Records shown:
+ + + + +
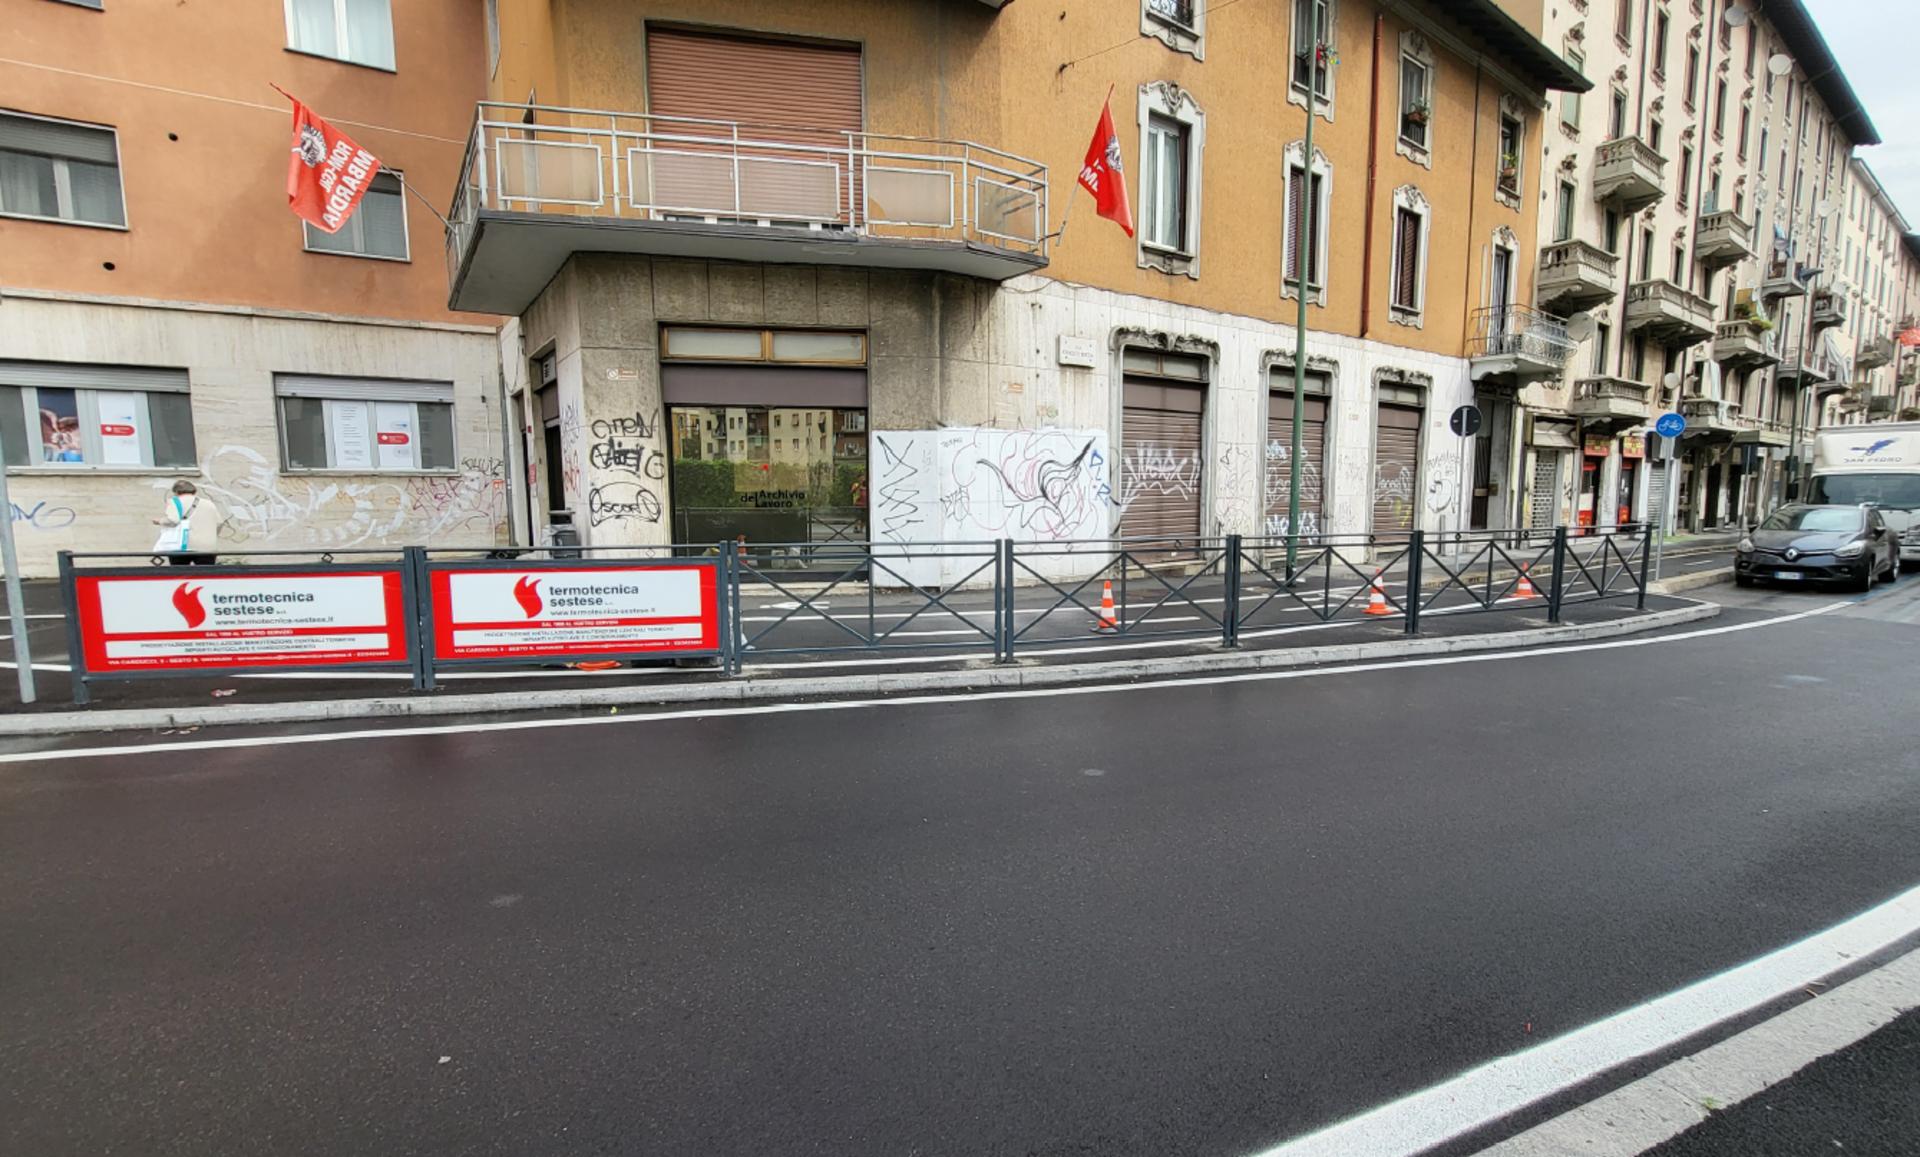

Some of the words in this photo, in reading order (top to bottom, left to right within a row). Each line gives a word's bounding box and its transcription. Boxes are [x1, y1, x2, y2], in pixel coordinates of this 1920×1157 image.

[755, 492, 793, 508] Lavoro
[759, 489, 806, 500] Archivio
[549, 584, 639, 596] termotecnica
[212, 591, 315, 604] termotecnica
[550, 596, 603, 607] sestese
[214, 604, 275, 616] sestese
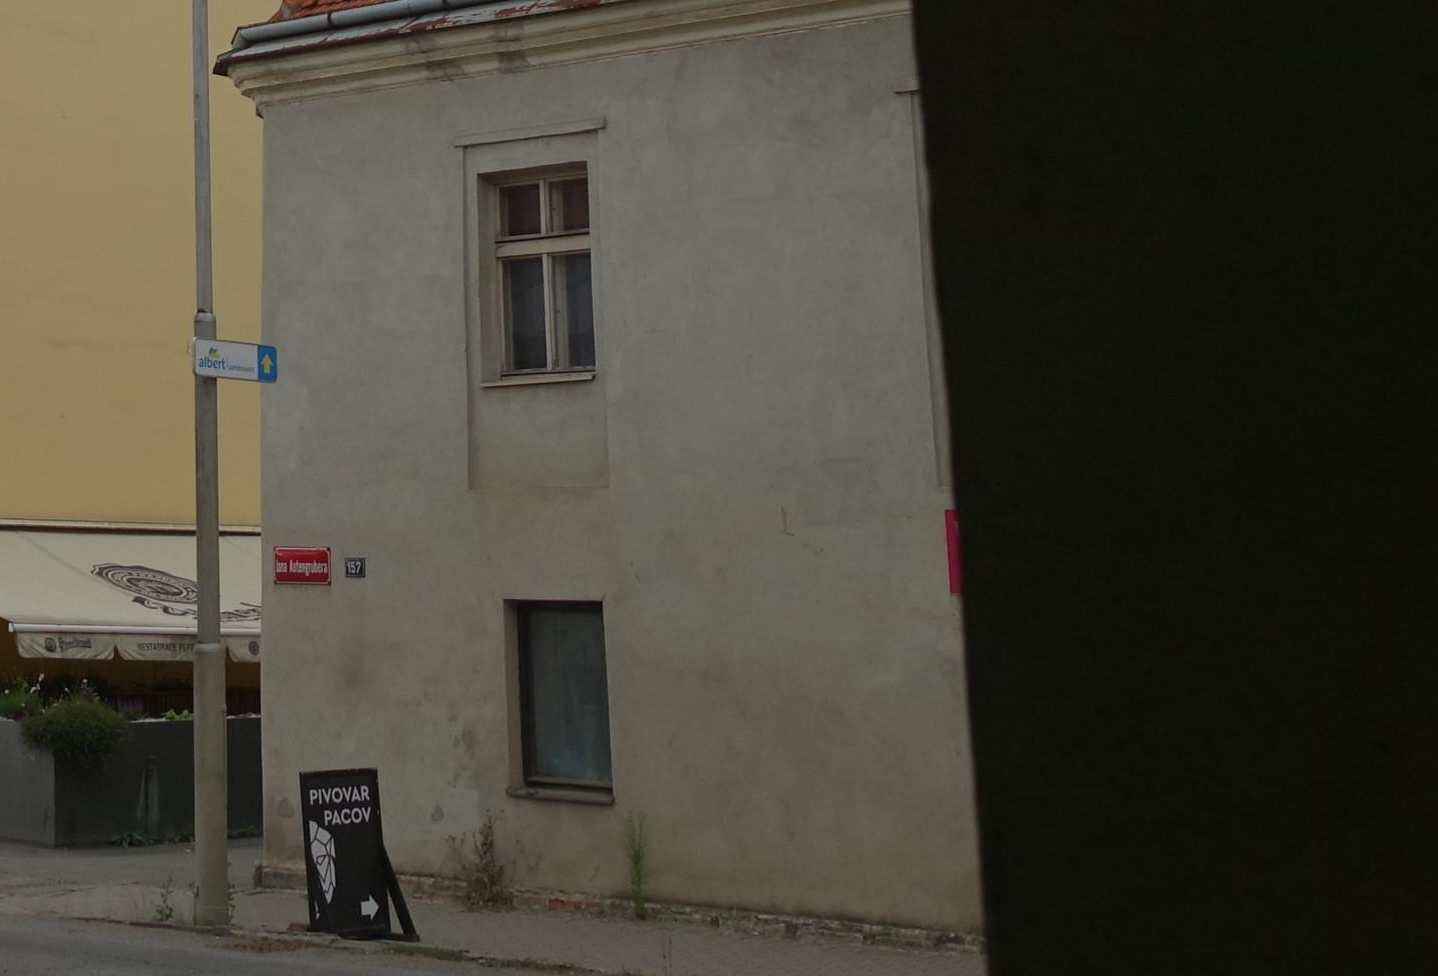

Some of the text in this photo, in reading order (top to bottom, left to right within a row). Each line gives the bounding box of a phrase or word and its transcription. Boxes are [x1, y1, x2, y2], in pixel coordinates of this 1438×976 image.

[198, 356, 226, 370] albert
[347, 561, 361, 574] 157
[178, 642, 195, 653] PEPP
[309, 785, 370, 805] PIVOVAR
[324, 807, 371, 826] PACOV
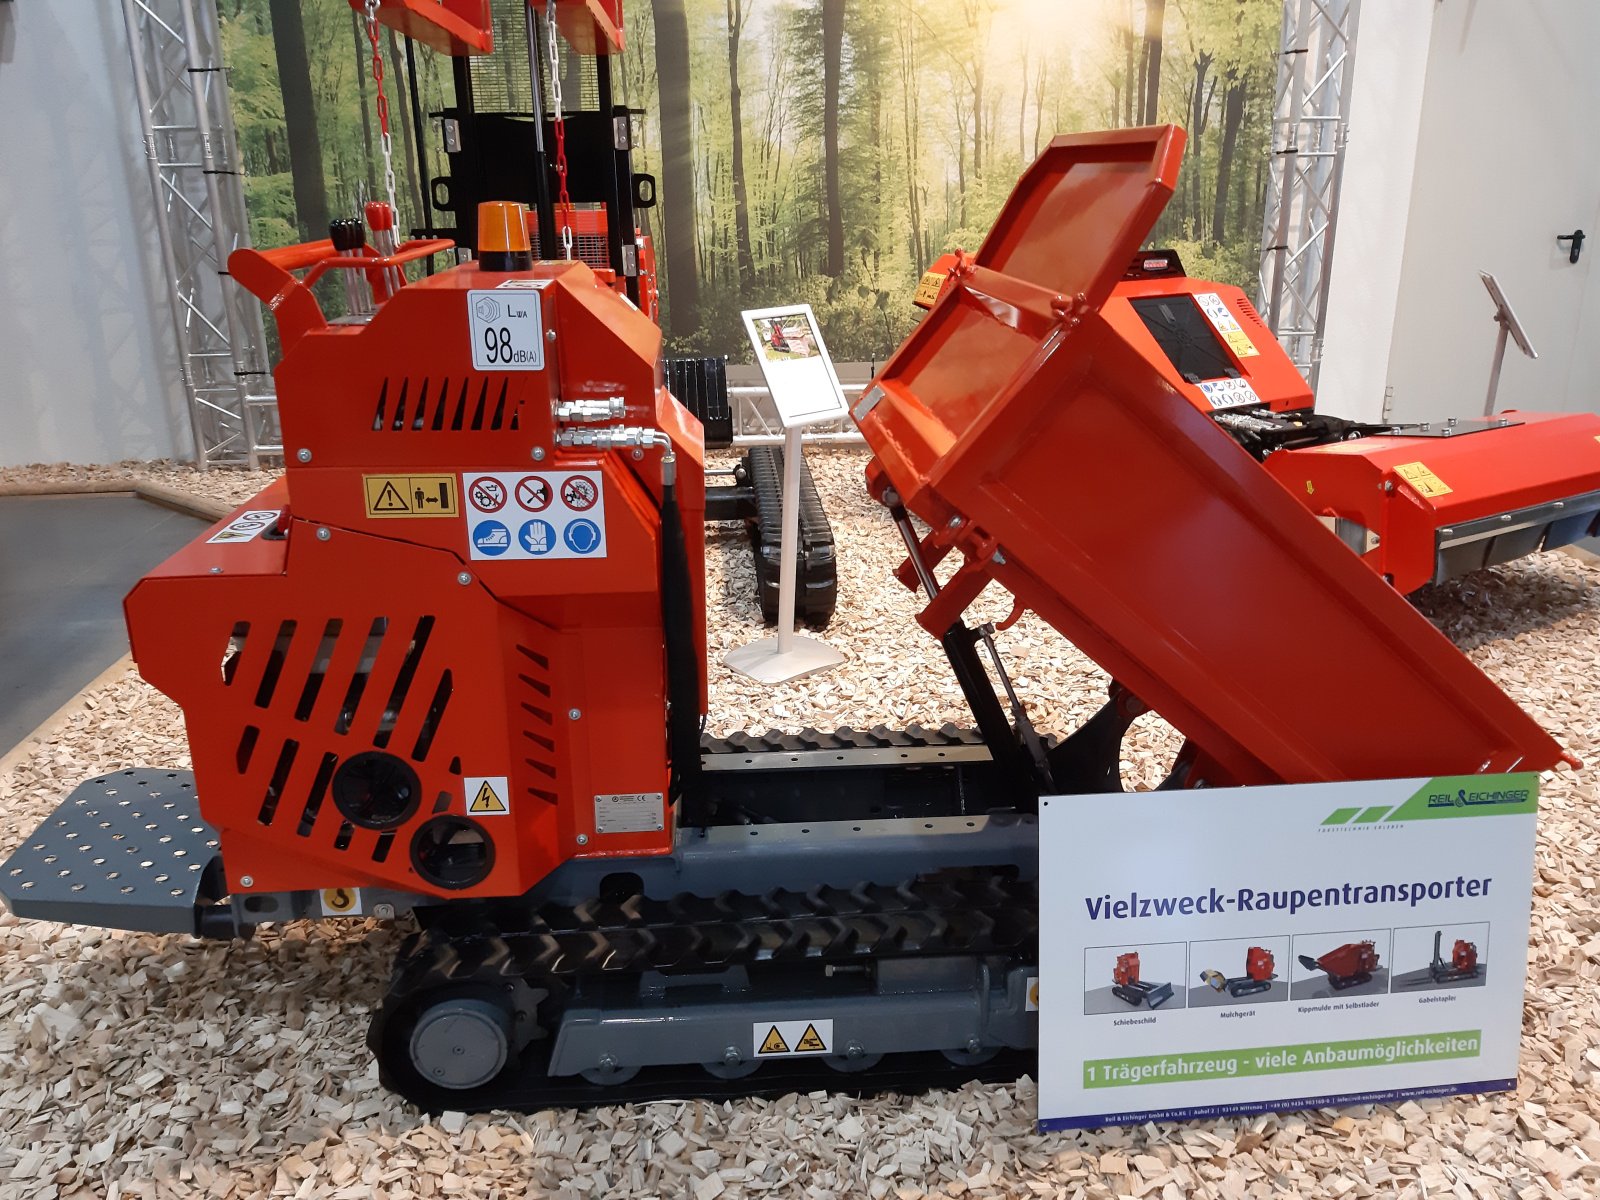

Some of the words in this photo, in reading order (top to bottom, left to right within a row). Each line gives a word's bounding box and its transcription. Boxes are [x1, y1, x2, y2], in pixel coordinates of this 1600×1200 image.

[484, 327, 513, 363] 98
[1428, 794, 1453, 804] REIL
[1469, 789, 1530, 802] EICHINGER
[1085, 875, 1493, 921] Vielzweck-Raupentransporter
[1418, 995, 1457, 1004] Gabelstapler
[1298, 1004, 1332, 1013] Kippmulde
[1345, 1001, 1380, 1010] Selbstlader
[1220, 1010, 1256, 1019] Mulchgerät
[1113, 1017, 1157, 1026] Schiebeschild
[1087, 1066, 1097, 1081] 1
[1103, 1054, 1238, 1083] Trägerfahrzeug
[1255, 1050, 1297, 1069] viele
[1302, 1035, 1478, 1066] Anbaumöglichkeiten
[1122, 1114, 1147, 1122] Eichinger
+ + + + +
What you should do: Give the listing above again in its entirety, exactly as written and free of images.

Answer:
Some of the words in this photo, in reading order (top to bottom, left to right within a row). Each line gives a word's bounding box and its transcription. Boxes are [x1, y1, x2, y2], in pixel coordinates of this 1920×1157 image.

[755, 492, 793, 508] Lavoro
[759, 489, 806, 500] Archivio
[549, 584, 639, 596] termotecnica
[212, 591, 315, 604] termotecnica
[550, 596, 603, 607] sestese
[214, 604, 275, 616] sestese

Some of the text in this photo, in reading order (top to bottom, left to right within a row). Each line gives the bounding box of a phrase or word and its transcription. Boxes are [x1, y1, x2, y2], in pixel coordinates of this 1438×976 image.

[198, 356, 226, 370] albert
[347, 561, 361, 574] 157
[178, 642, 195, 653] PEPP
[309, 785, 370, 805] PIVOVAR
[324, 807, 371, 826] PACOV

Some of the words in this photo, in reading order (top to bottom, left to right within a row). Each line gives a word's bounding box and its transcription. Boxes are [x1, y1, x2, y2], in pixel coordinates of this 1600×1200 image.

[484, 327, 513, 363] 98
[1428, 794, 1453, 804] REIL
[1469, 789, 1530, 802] EICHINGER
[1085, 875, 1493, 921] Vielzweck-Raupentransporter
[1418, 995, 1457, 1004] Gabelstapler
[1298, 1004, 1332, 1013] Kippmulde
[1345, 1001, 1380, 1010] Selbstlader
[1220, 1010, 1256, 1019] Mulchgerät
[1113, 1017, 1157, 1026] Schiebeschild
[1087, 1066, 1097, 1081] 1
[1103, 1054, 1238, 1083] Trägerfahrzeug
[1255, 1050, 1297, 1069] viele
[1302, 1035, 1478, 1066] Anbaumöglichkeiten
[1122, 1114, 1147, 1122] Eichinger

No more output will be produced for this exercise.